**Assignment:** The data that follows is to be copied exactly, with each image removed.

┌─ Data to use

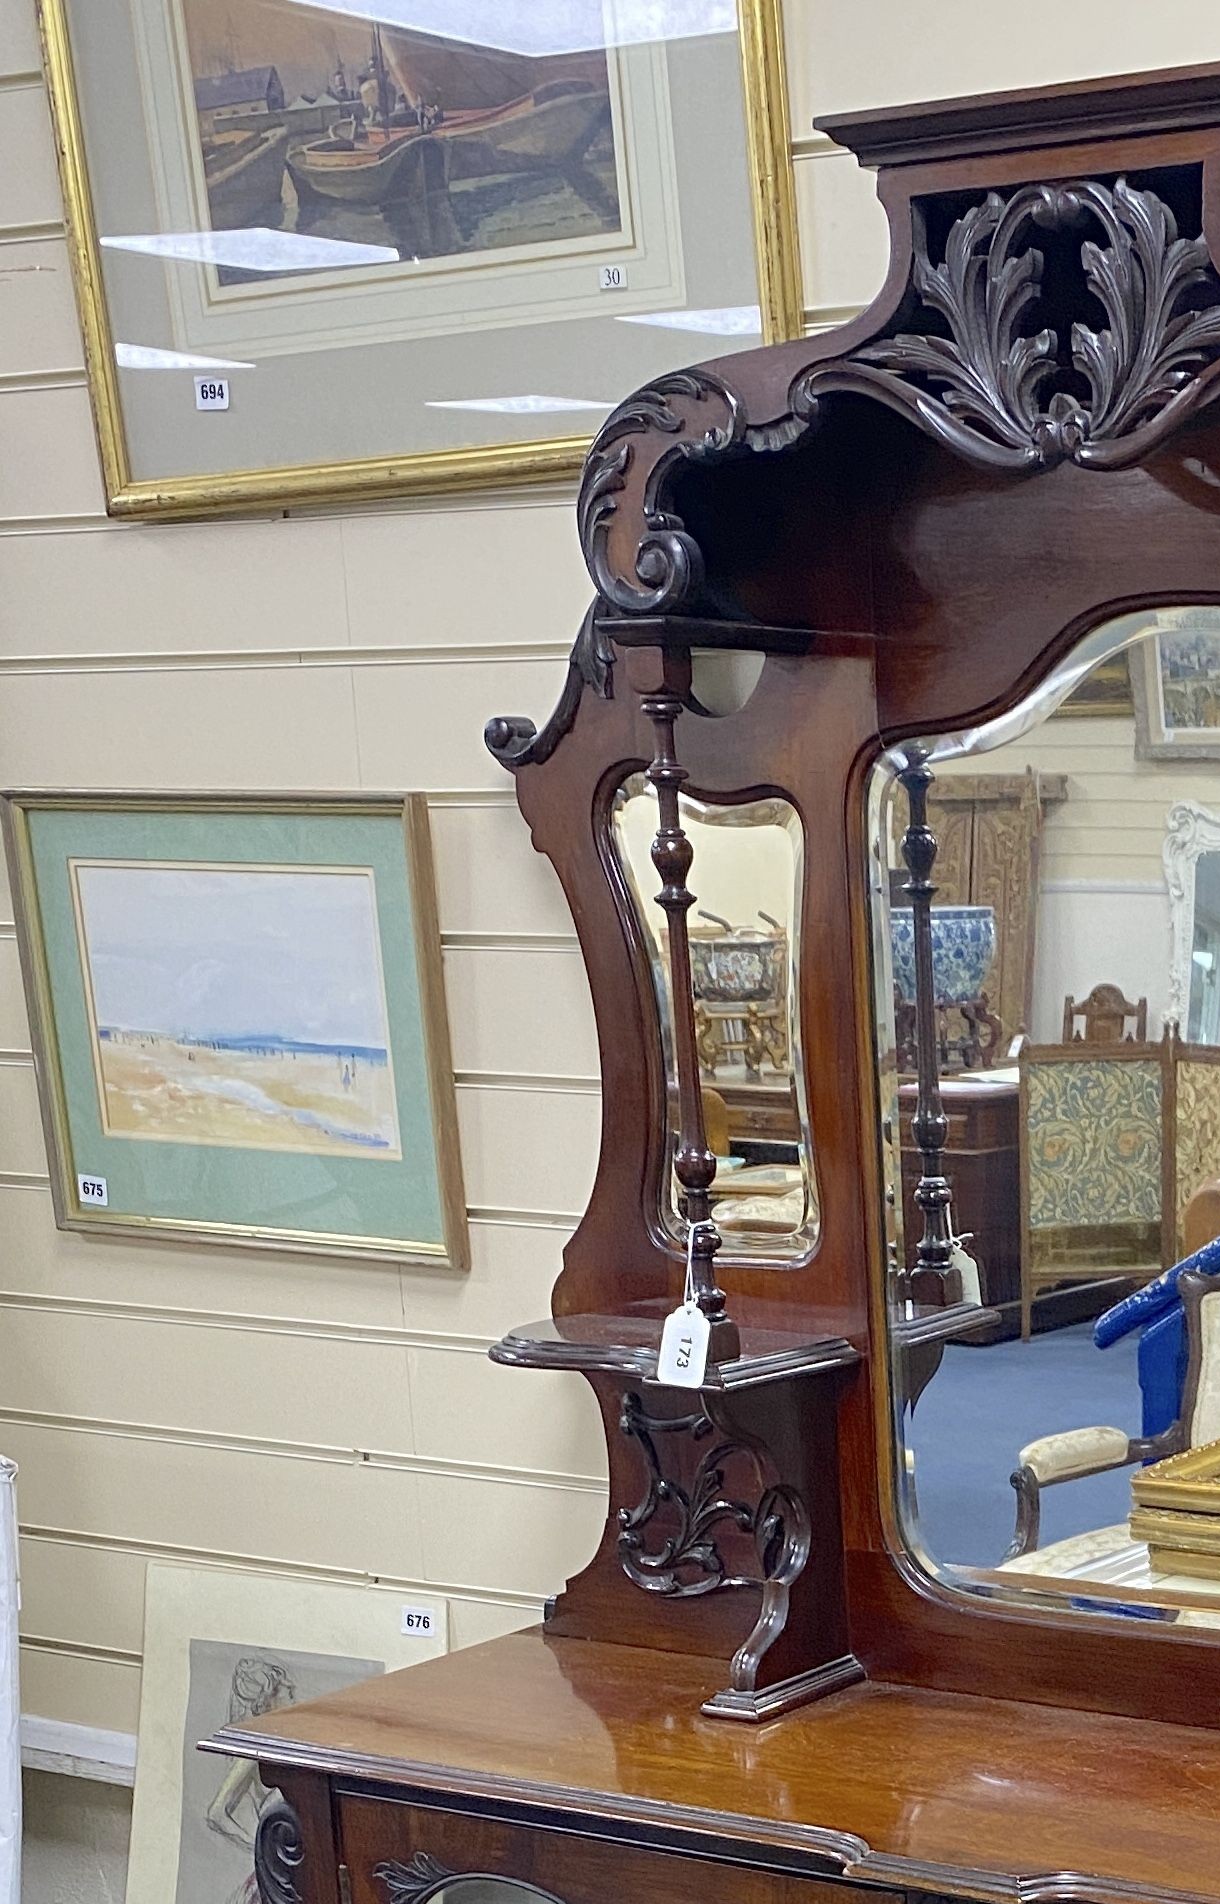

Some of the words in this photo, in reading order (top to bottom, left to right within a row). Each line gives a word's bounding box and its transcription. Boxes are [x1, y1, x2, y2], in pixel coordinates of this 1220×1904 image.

[604, 267, 620, 286] 30
[201, 384, 224, 400] 694
[83, 1181, 103, 1197] 675
[676, 1337, 692, 1368] 173
[407, 1614, 431, 1629] 676
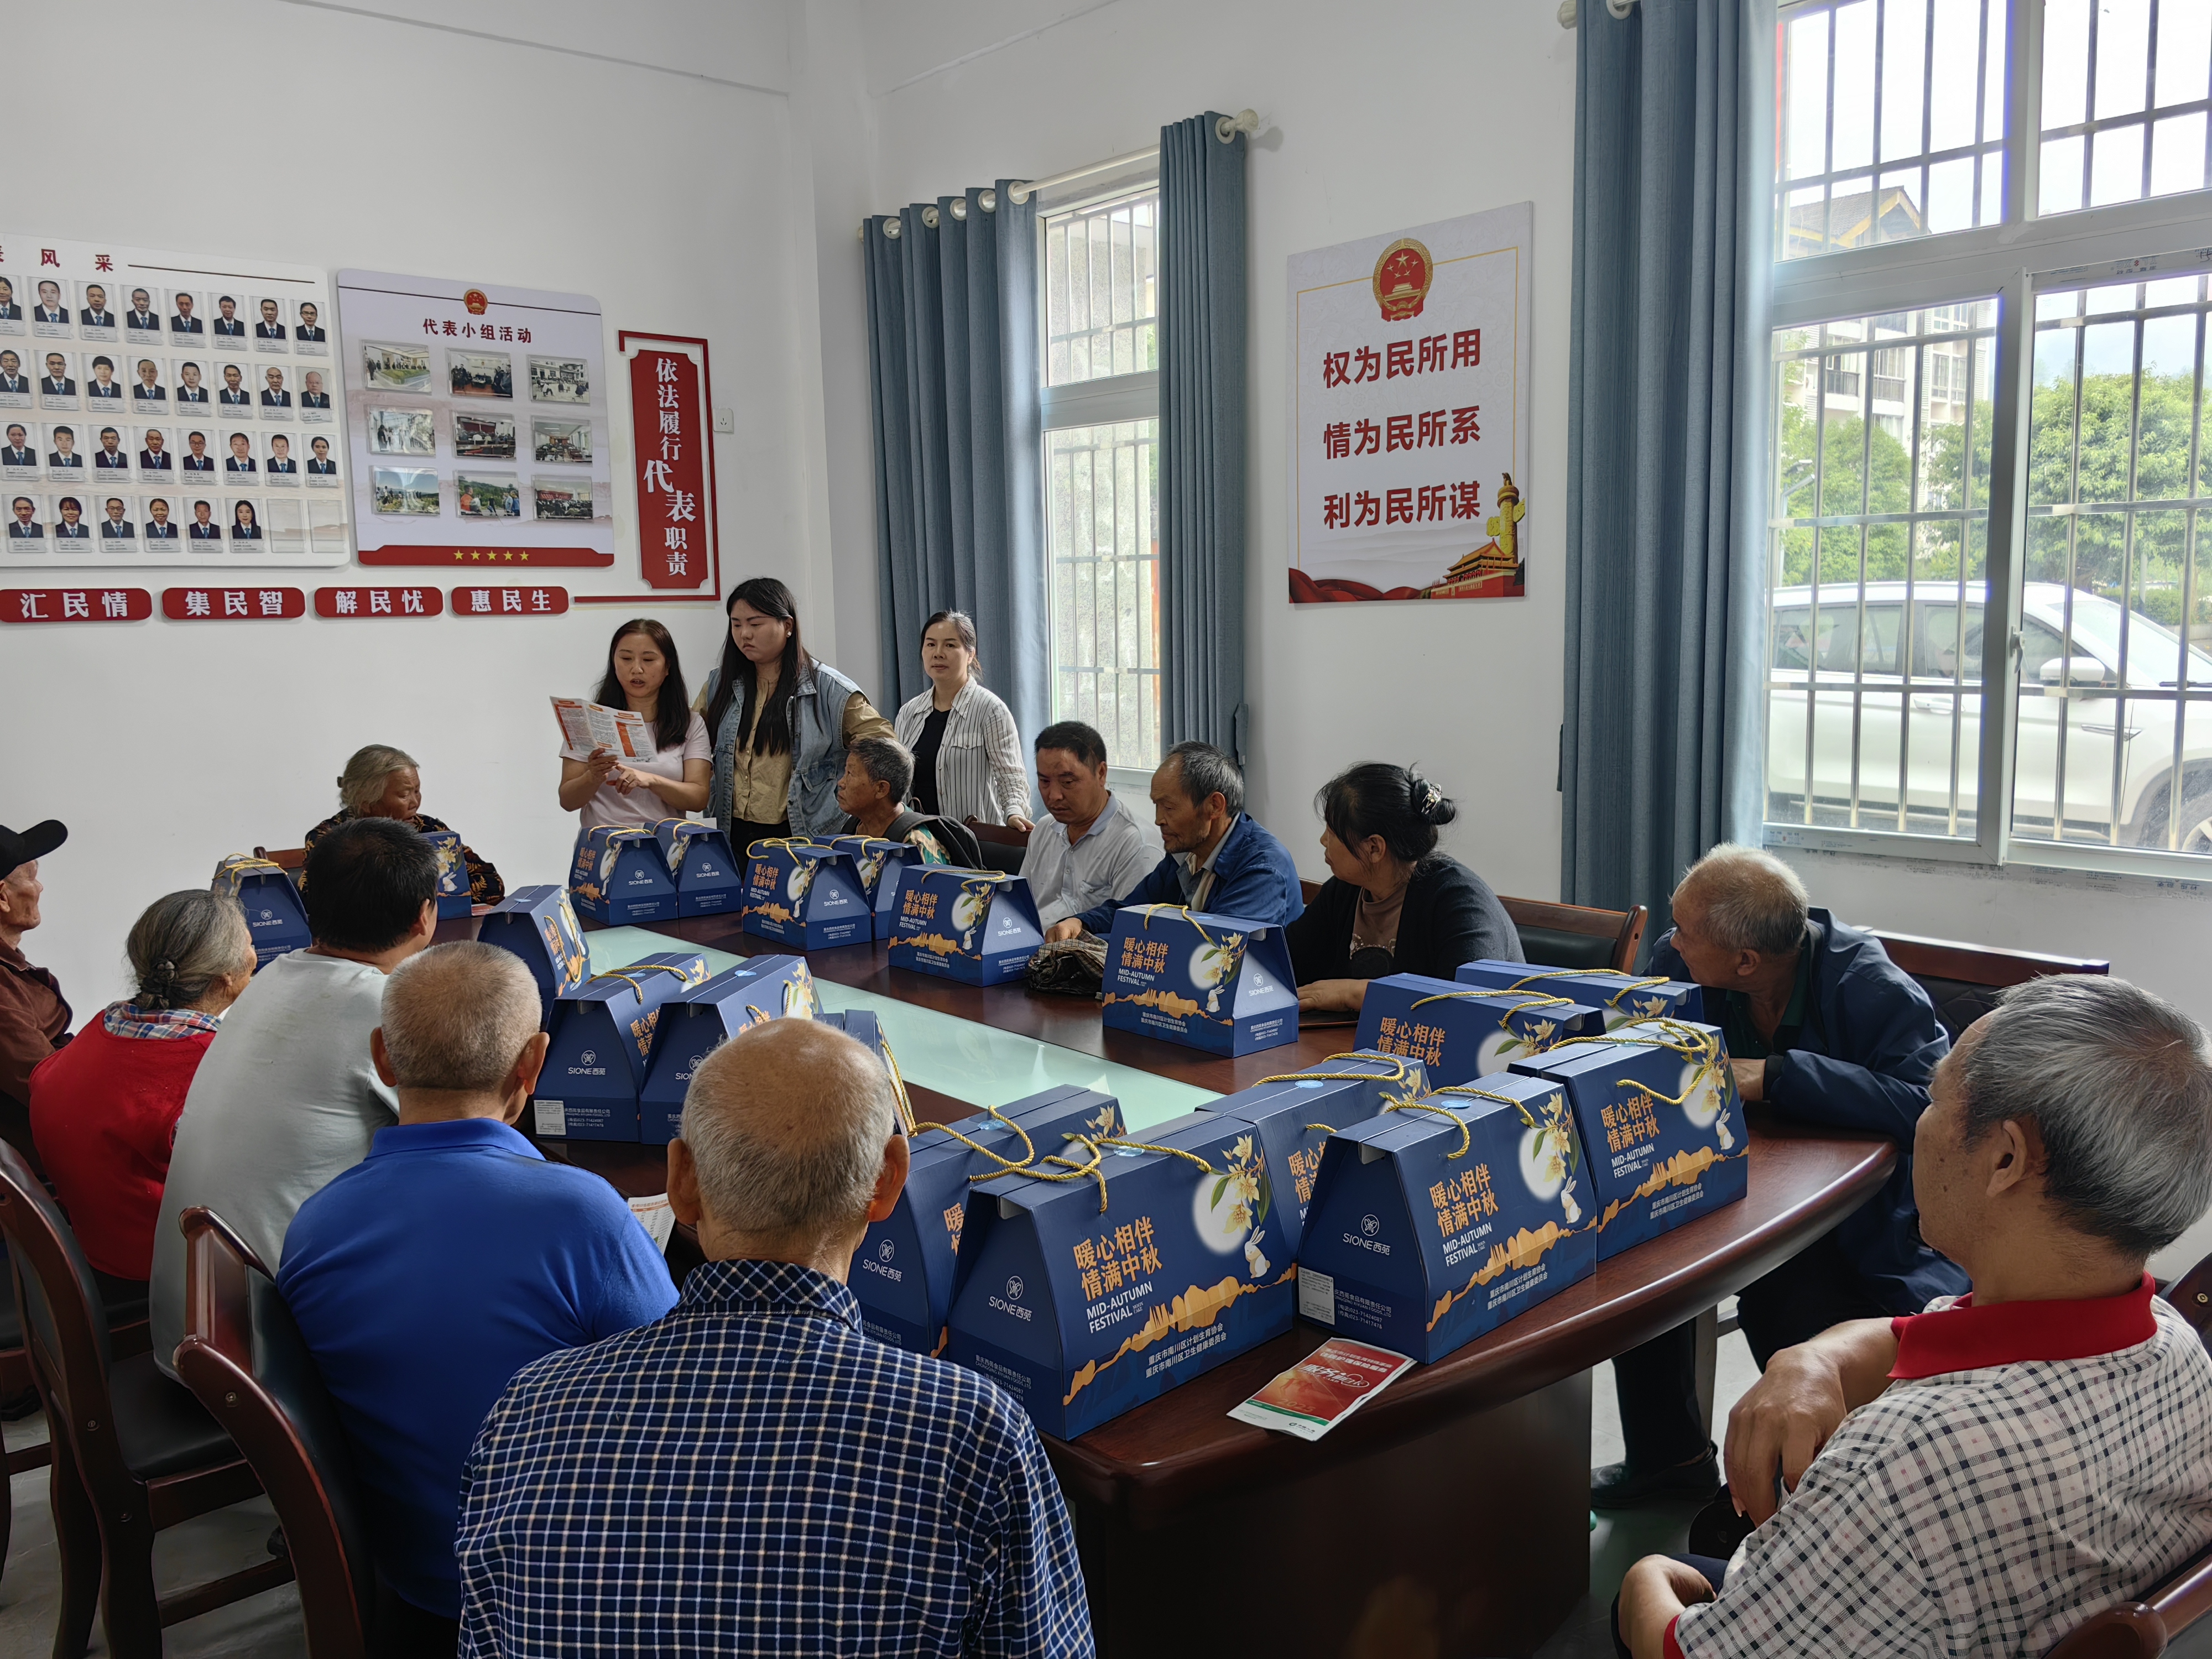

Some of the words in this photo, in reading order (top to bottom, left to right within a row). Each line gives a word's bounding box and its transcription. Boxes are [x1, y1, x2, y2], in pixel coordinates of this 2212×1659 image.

[423, 319, 532, 343] 代表小组活动
[1323, 328, 1480, 388] 权为民所用
[1323, 405, 1480, 460] 情为民所系
[1323, 481, 1480, 529] 利为民所谋
[20, 592, 127, 618] 汇民情
[186, 591, 283, 616] 集民智
[335, 589, 425, 614] 解民忧
[471, 589, 551, 612] 惠民生
[753, 874, 776, 890] 情满中秋
[754, 864, 779, 878] 暖心相伴
[903, 902, 935, 919] 情满中秋
[905, 890, 938, 906] 暖心相伴
[899, 922, 916, 931] FESTIVAL
[900, 916, 927, 926] MID-AUTUMN
[1124, 937, 1168, 958] 暖心相伴
[1121, 951, 1165, 973] 情满中秋
[1118, 968, 1155, 982] MID-AUTUMN
[1118, 975, 1140, 986] FESTIVAL
[630, 1007, 660, 1037] 暖心相
[1380, 1017, 1446, 1047] 暖心相伴
[1377, 1035, 1442, 1067] 情满中秋
[1601, 1092, 1653, 1128] 暖心相伴
[1607, 1114, 1660, 1153] 情满中秋
[1611, 1143, 1655, 1167] MID-AUTUMN
[1614, 1160, 1642, 1178] FESTIVAL
[1430, 1163, 1491, 1208] 暖心相伴
[1437, 1188, 1499, 1238] 情满中秋
[1073, 1216, 1155, 1270] 暖心相伴
[1443, 1222, 1492, 1254] MID-AUTUMN
[1446, 1243, 1478, 1266] FESTIVAL
[1081, 1244, 1162, 1301] 情满中秋
[1087, 1281, 1153, 1319] MID-AUTUMN
[1334, 1289, 1391, 1313] 庆西苑食品有限责任公司
[1089, 1307, 1133, 1334] FESTIVAL
[1146, 1332, 1227, 1378] 重庆市南川区卫生健康委员会
[1149, 1323, 1223, 1365] 重庆市南川区计划生育协会
[1276, 1399, 1316, 1412] 2025
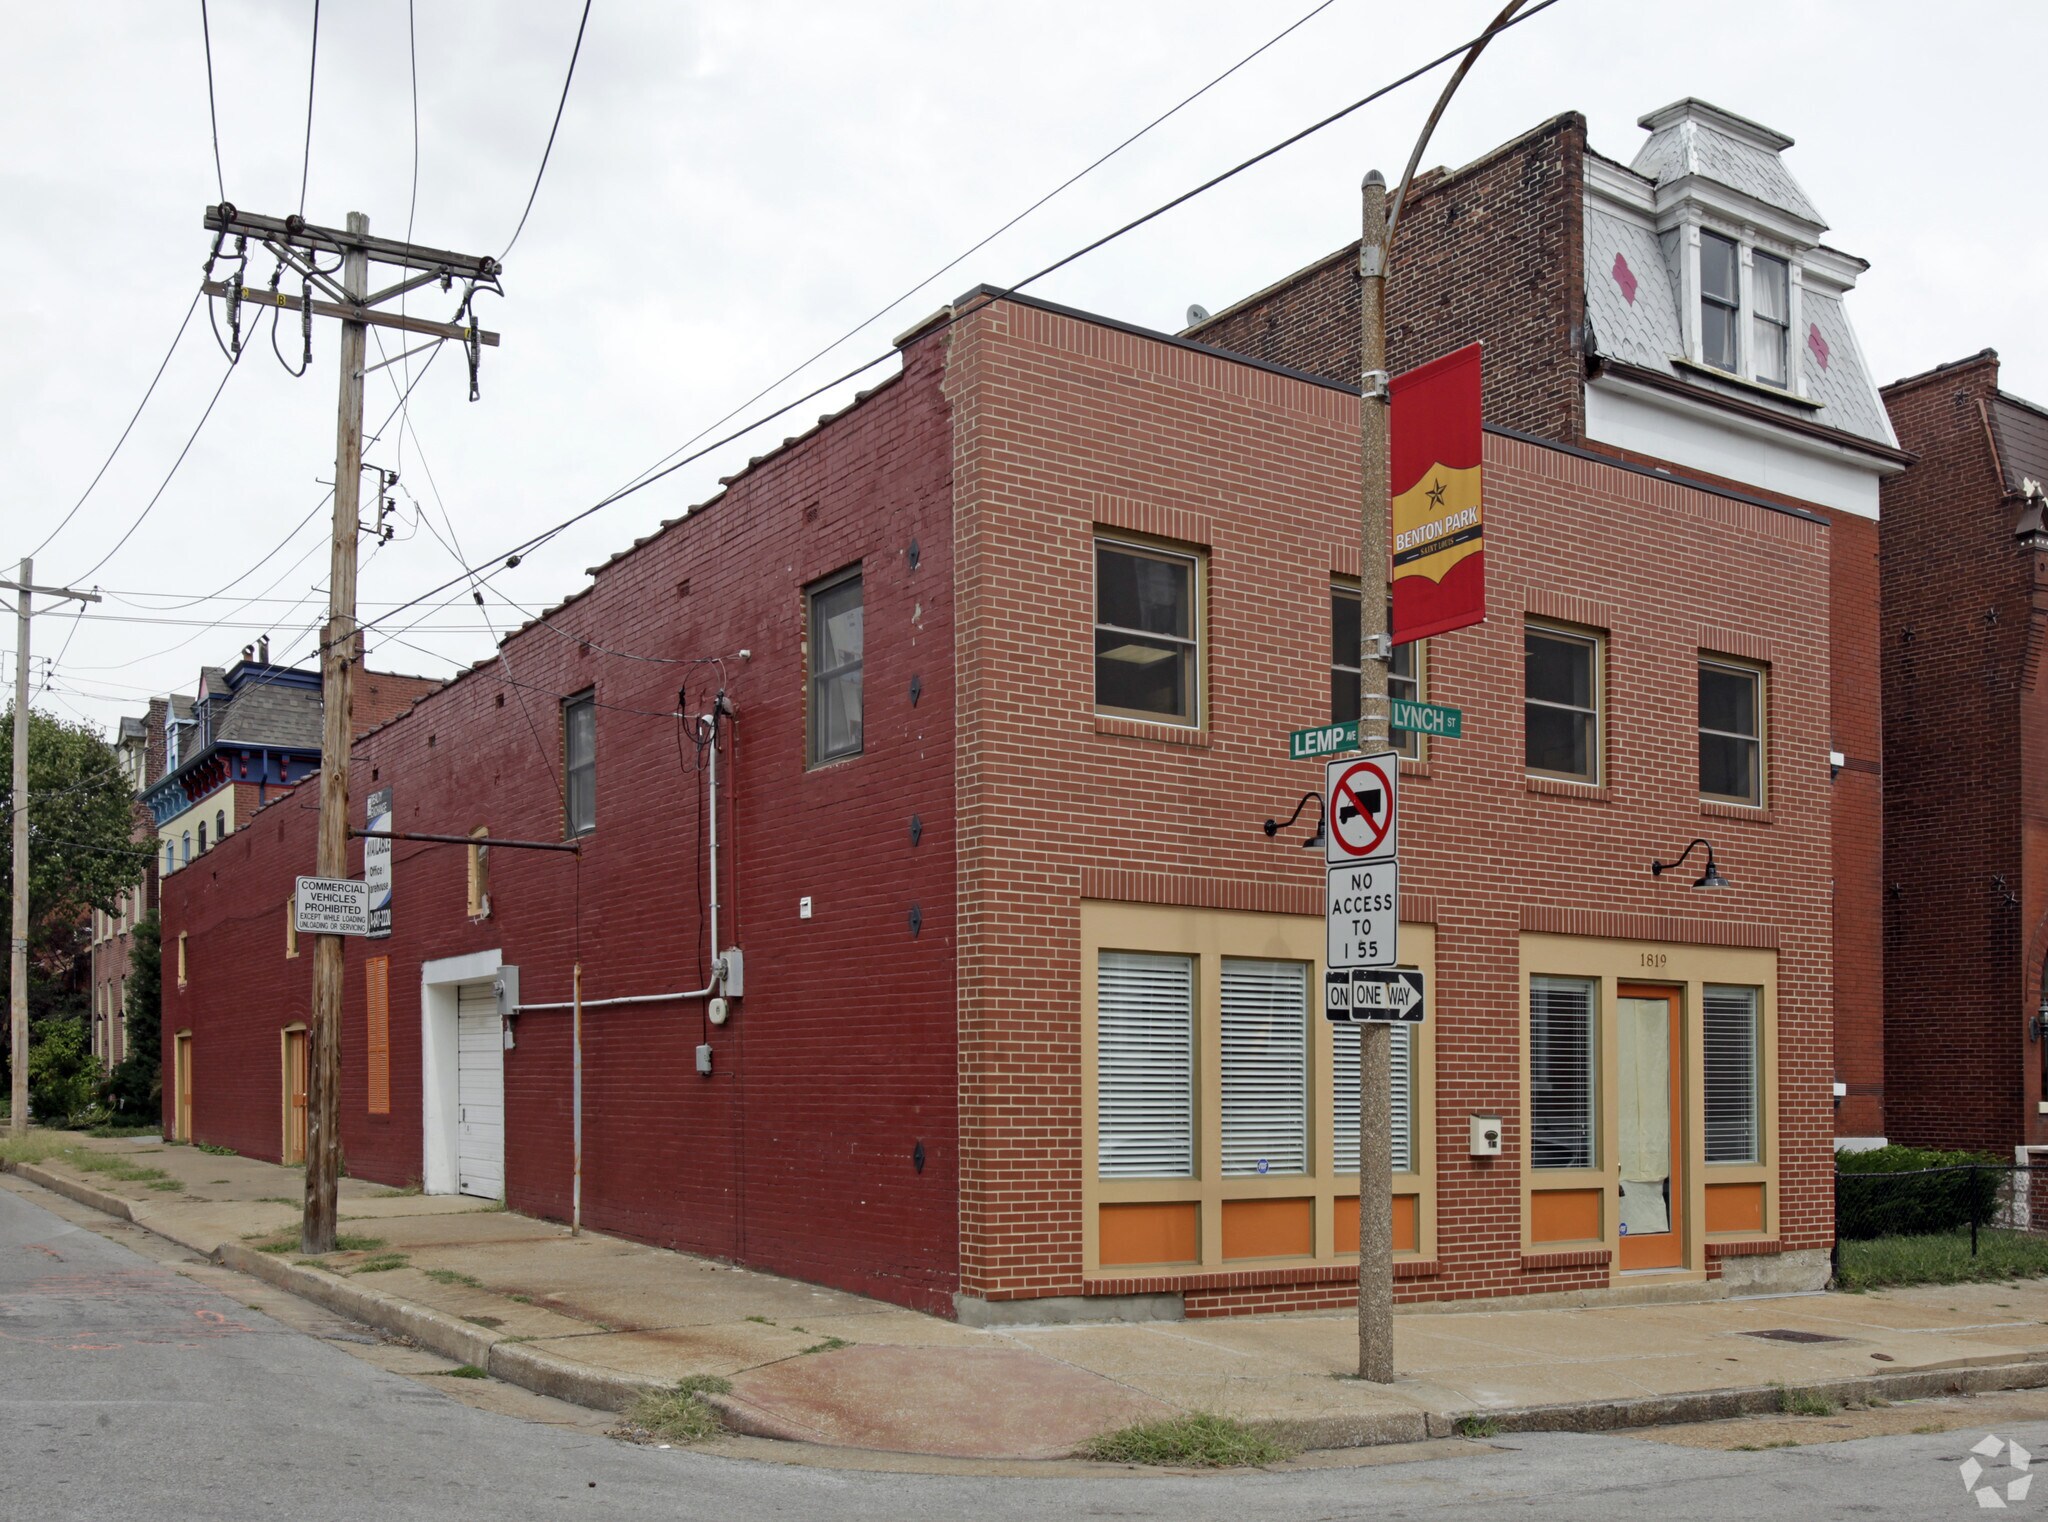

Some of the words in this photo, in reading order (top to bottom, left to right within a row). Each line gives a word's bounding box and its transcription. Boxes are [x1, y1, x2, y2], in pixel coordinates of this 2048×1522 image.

└─

**Solution to this task:**
Some of the words in this photo, in reading order (top to bottom, left to right within a row). Each line gives a word's bounding box and its transcription. Boxes are [x1, y1, x2, y2], in pixel coordinates of this 1220×1904 image.

[604, 267, 620, 286] 30
[201, 384, 224, 400] 694
[83, 1181, 103, 1197] 675
[676, 1337, 692, 1368] 173
[407, 1614, 431, 1629] 676

Some of the words in this photo, in reading order (top to bottom, left to right within a row). Each line gives a word's bounding box and its transcription. Boxes are [x1, y1, x2, y2], in pixel coordinates of this 2212×1659 image.

[423, 319, 532, 343] 代表小组活动
[1323, 328, 1480, 388] 权为民所用
[1323, 405, 1480, 460] 情为民所系
[1323, 481, 1480, 529] 利为民所谋
[20, 592, 127, 618] 汇民情
[186, 591, 283, 616] 集民智
[335, 589, 425, 614] 解民忧
[471, 589, 551, 612] 惠民生
[753, 874, 776, 890] 情满中秋
[754, 864, 779, 878] 暖心相伴
[903, 902, 935, 919] 情满中秋
[905, 890, 938, 906] 暖心相伴
[899, 922, 916, 931] FESTIVAL
[900, 916, 927, 926] MID-AUTUMN
[1124, 937, 1168, 958] 暖心相伴
[1121, 951, 1165, 973] 情满中秋
[1118, 968, 1155, 982] MID-AUTUMN
[1118, 975, 1140, 986] FESTIVAL
[630, 1007, 660, 1037] 暖心相
[1380, 1017, 1446, 1047] 暖心相伴
[1377, 1035, 1442, 1067] 情满中秋
[1601, 1092, 1653, 1128] 暖心相伴
[1607, 1114, 1660, 1153] 情满中秋
[1611, 1143, 1655, 1167] MID-AUTUMN
[1614, 1160, 1642, 1178] FESTIVAL
[1430, 1163, 1491, 1208] 暖心相伴
[1437, 1188, 1499, 1238] 情满中秋
[1073, 1216, 1155, 1270] 暖心相伴
[1443, 1222, 1492, 1254] MID-AUTUMN
[1446, 1243, 1478, 1266] FESTIVAL
[1081, 1244, 1162, 1301] 情满中秋
[1087, 1281, 1153, 1319] MID-AUTUMN
[1334, 1289, 1391, 1313] 庆西苑食品有限责任公司
[1089, 1307, 1133, 1334] FESTIVAL
[1146, 1332, 1227, 1378] 重庆市南川区卫生健康委员会
[1149, 1323, 1223, 1365] 重庆市南川区计划生育协会
[1276, 1399, 1316, 1412] 2025

Some of the words in this photo, in reading order (top to bottom, left to right within a row). Each line gives a word's bounding box and its transcription. Boxes are [x1, y1, x2, y2], in pixel coordinates of this 2048×1522 image.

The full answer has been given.